New Jersey: The new film capital of America?

If you’re a movie fan, you should know that films are being made all over New Jersey, with prominent directors, well-known actors and seasoned crews crisscrossing our state. If you were thinking of going to Hollywood for a studio tour, sit tight: There is probably a new film studio opening in your neighborhood. 

A photo from 1915 of the Triangle Film Corporation Studio in Fort Lee, which was the birthplace of American film. Photo courtesy of NJ Advance Media

Where It All Began 

When Thomas Edison and William Kennedy Dickson invented the movie camera or, as they called it, the kinetoscope, in West Orange in 1891, New Jersey became the birthplace of American film. Then, the action moved to Fort Lee, where some of the greatest silent films with the greatest actors were filmed; and, for a time, Fort Lee was known as the “movie capital of the world.” That all started to change in 1921 when filmmakers headed to California, lured by the temperate climate, cheap land and because it was “where nobody could reach them and they couldn’t be prosecuted for patent violations,” according to Steven Gorelick, executive director of the New Jersey Motion Picture & Television Commission. 
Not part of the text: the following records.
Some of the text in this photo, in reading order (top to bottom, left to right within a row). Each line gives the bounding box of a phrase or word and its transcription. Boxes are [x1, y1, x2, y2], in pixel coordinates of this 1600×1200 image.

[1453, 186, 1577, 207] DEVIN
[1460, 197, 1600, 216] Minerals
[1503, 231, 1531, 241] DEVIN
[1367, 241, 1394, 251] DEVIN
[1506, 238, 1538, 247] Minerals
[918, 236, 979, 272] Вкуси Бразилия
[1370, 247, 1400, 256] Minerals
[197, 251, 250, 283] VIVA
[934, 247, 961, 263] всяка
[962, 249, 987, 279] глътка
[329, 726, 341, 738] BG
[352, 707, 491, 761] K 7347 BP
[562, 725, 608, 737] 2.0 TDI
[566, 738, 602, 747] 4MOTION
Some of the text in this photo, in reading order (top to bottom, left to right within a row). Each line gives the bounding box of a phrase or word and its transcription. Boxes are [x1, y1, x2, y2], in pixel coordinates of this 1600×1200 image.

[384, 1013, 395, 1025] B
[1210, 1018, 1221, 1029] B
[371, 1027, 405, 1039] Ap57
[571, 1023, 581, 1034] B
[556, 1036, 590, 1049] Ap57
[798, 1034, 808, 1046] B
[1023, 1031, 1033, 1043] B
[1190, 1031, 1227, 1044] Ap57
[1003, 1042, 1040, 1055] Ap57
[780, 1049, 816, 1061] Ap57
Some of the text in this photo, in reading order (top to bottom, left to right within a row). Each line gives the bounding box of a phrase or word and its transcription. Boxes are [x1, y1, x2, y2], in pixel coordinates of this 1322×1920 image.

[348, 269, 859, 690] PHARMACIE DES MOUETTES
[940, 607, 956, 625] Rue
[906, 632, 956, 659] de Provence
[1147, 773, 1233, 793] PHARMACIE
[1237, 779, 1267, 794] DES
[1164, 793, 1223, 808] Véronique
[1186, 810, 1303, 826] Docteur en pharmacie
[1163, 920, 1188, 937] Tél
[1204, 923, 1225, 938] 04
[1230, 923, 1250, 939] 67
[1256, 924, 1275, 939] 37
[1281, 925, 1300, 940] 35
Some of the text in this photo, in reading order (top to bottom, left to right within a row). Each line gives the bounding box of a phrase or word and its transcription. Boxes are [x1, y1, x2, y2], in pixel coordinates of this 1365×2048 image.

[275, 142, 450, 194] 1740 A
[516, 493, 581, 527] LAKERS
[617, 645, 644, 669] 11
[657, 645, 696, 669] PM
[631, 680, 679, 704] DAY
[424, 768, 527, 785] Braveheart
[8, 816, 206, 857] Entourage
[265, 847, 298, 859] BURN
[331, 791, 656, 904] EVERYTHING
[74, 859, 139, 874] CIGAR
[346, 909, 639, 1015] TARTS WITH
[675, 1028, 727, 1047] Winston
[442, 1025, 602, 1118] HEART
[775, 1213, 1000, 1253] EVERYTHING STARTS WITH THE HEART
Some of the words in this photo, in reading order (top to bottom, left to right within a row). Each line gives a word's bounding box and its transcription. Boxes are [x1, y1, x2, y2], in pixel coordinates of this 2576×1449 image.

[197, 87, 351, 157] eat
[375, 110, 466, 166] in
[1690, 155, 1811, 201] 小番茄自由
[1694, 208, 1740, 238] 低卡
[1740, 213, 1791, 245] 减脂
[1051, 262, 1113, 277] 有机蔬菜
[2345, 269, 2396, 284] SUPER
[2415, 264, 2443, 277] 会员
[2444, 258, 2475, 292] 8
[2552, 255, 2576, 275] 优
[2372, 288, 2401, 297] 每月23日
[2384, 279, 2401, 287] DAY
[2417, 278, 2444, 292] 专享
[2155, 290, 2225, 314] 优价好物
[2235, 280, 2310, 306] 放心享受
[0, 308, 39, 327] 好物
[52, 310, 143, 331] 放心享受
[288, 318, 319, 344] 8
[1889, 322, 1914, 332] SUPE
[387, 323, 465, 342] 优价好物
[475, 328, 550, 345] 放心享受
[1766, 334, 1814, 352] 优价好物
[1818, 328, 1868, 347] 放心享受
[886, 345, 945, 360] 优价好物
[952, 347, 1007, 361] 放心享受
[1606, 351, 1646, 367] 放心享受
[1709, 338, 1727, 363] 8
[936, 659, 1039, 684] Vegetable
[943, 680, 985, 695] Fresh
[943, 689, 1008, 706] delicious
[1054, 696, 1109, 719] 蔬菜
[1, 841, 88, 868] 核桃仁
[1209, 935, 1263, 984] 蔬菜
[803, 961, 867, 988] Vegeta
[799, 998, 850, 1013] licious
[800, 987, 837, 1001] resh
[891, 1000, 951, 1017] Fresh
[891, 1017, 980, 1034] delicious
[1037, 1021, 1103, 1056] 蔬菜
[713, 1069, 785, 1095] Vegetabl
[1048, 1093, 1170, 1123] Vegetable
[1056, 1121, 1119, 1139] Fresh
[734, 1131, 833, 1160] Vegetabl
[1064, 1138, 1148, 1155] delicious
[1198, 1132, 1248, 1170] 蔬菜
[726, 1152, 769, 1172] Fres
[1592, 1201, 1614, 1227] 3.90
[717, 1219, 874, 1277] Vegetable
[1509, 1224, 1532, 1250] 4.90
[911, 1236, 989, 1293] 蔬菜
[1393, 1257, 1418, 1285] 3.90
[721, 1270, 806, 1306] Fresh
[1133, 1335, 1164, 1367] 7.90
After that, New Jersey sightings on film were rare for many years and, except for occasional disparaging remarks, the state was wiped from Hollywood’s vocabulary until the classic “On the Waterfront” was filmed in Hoboken in 1954. Its after-effects lingered in Hoboken for decades, illustrating the lasting power of cinema magic. When I worked there in the ’70s, there was an older dockworker everybody called “Marlon” because he was an extra in the film. 

Things changed when Gov. Brendan Byrne established the New Jersey Motion Picture & Television Commission in 1977 with the idea of boosting the economy (there was a recession) and bringing the film industry back home. There were skeptics. “It seemed very poetic, and pie in the sky. Nonetheless, the poets won,” Gorelick said. Some of the films shot here after that include “The Amityville Horror,” “Annie,” “Stardust Memories” and “Atlantic City.”  

‘Army of the Dead’ was partially filmed in Atlantic City’s Showboat Hotel, the site of a former casino that closed in 2014, as well as in the empty former Atlantic Club Casino Hotel. Photo courtesy of New Jersey Motion Picture & Television Commission

Incentives Pay Off 

Gorelick has been with the commission since 1980. His first assignment was to visit the set of Milos Forman’s “Ragtime” in Spring Lake and make sure things were going well. That day he knew he would love his job. Still consistently upbeat, the New Brunswick native has an evangelist’s fervor for his mission. The commission’s smart, user-friendly website is worth exploring. 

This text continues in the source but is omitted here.